Records from a data collection:

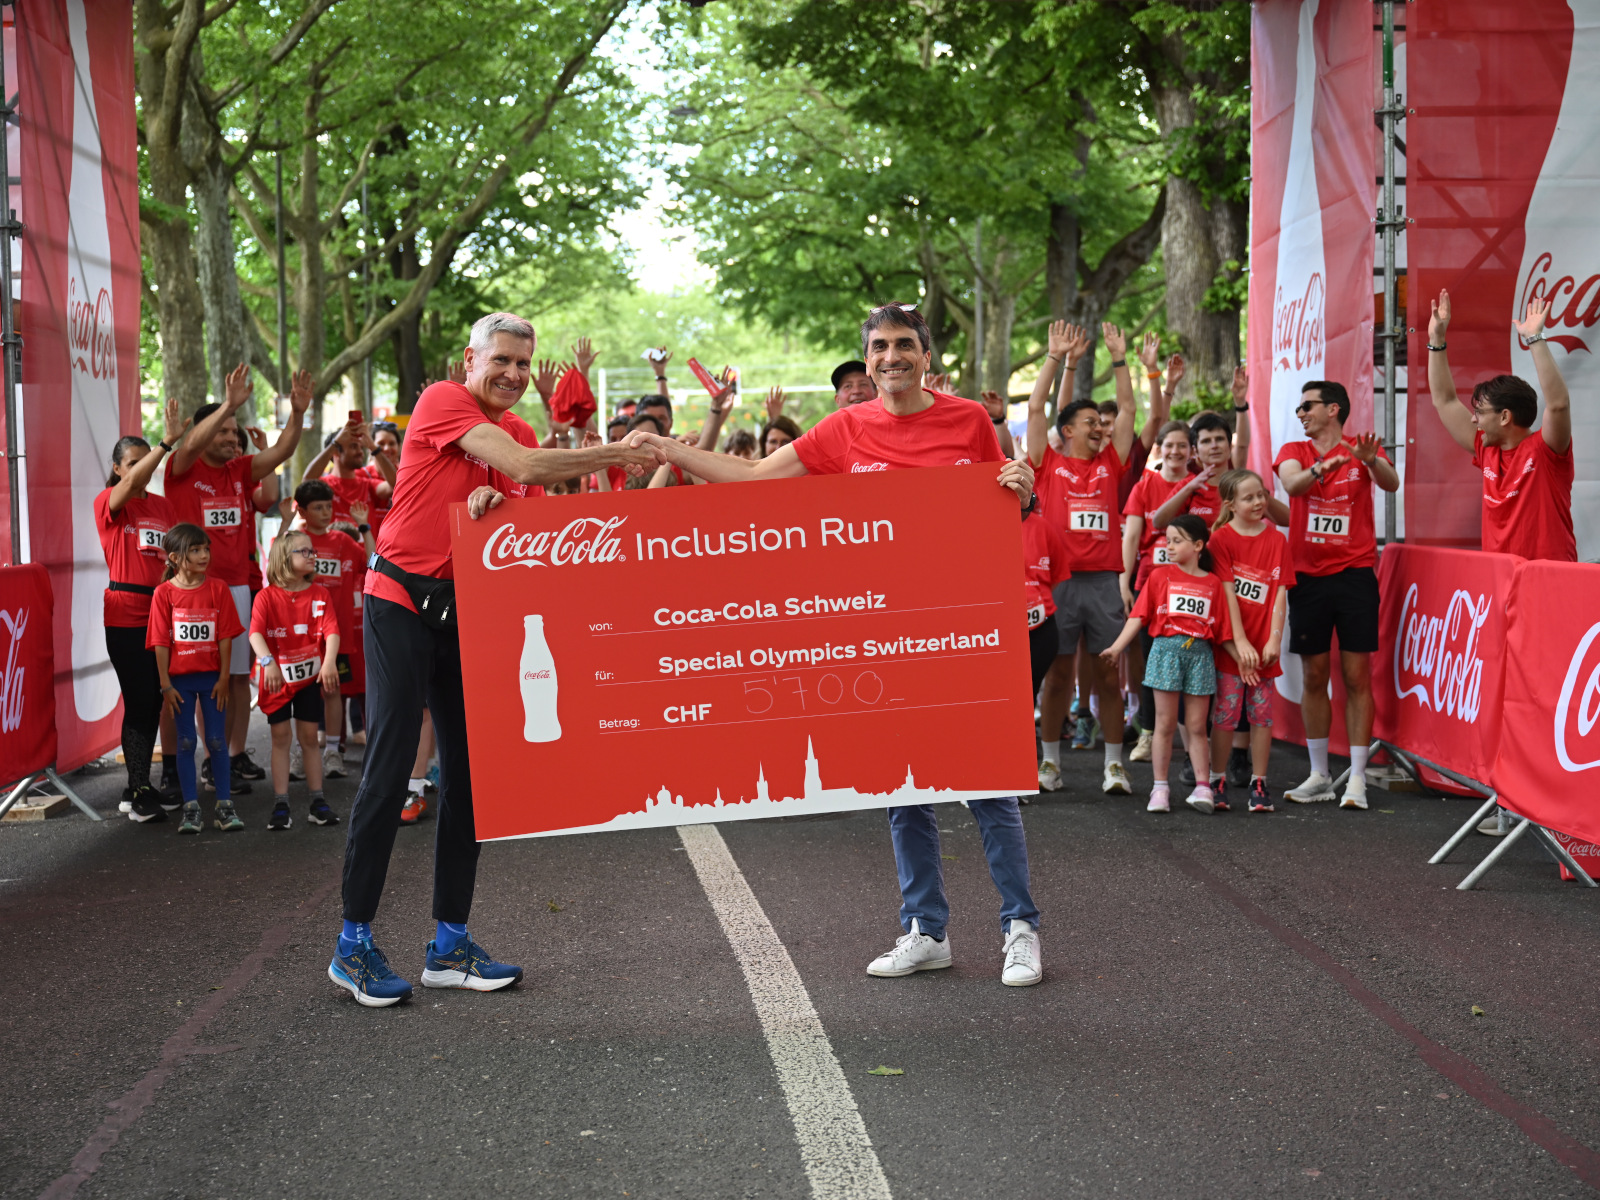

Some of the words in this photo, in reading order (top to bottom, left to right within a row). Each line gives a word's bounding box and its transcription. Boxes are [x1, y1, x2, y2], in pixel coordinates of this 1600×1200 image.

[211, 511, 236, 525] 334
[1077, 514, 1103, 529] 171
[1313, 516, 1342, 534] 170
[636, 523, 807, 560] Inclusion
[820, 518, 894, 546] Run
[589, 623, 613, 632] von:
[653, 600, 779, 626] Coca-Cola
[785, 591, 887, 615] Schweiz
[1176, 597, 1205, 615] 298
[179, 624, 210, 640] 309
[595, 670, 614, 681] für:
[659, 650, 744, 676] Special
[749, 642, 857, 668] Olympics
[863, 629, 1000, 657] Switzerland
[1394, 583, 1492, 724] Coca-Cola
[285, 661, 314, 681] 157
[599, 718, 641, 729] Betrag:
[663, 703, 712, 723] CHF

### Work instructions:
Leave the images behind and write out every entry exactly.

### Completed task:
Some of the words in this photo, in reading order (top to bottom, left to right within a row). Each line gives a word's bounding box and its transcription. Boxes are [x1, y1, x2, y2], in pixel coordinates of this 1600×1200 image.

[211, 511, 236, 525] 334
[1077, 514, 1103, 529] 171
[1313, 516, 1342, 534] 170
[636, 523, 807, 560] Inclusion
[820, 518, 894, 546] Run
[589, 623, 613, 632] von:
[653, 600, 779, 626] Coca-Cola
[785, 591, 887, 615] Schweiz
[1176, 597, 1205, 615] 298
[179, 624, 210, 640] 309
[595, 670, 614, 681] für:
[659, 650, 744, 676] Special
[749, 642, 857, 668] Olympics
[863, 629, 1000, 657] Switzerland
[1394, 583, 1492, 724] Coca-Cola
[285, 661, 314, 681] 157
[599, 718, 641, 729] Betrag:
[663, 703, 712, 723] CHF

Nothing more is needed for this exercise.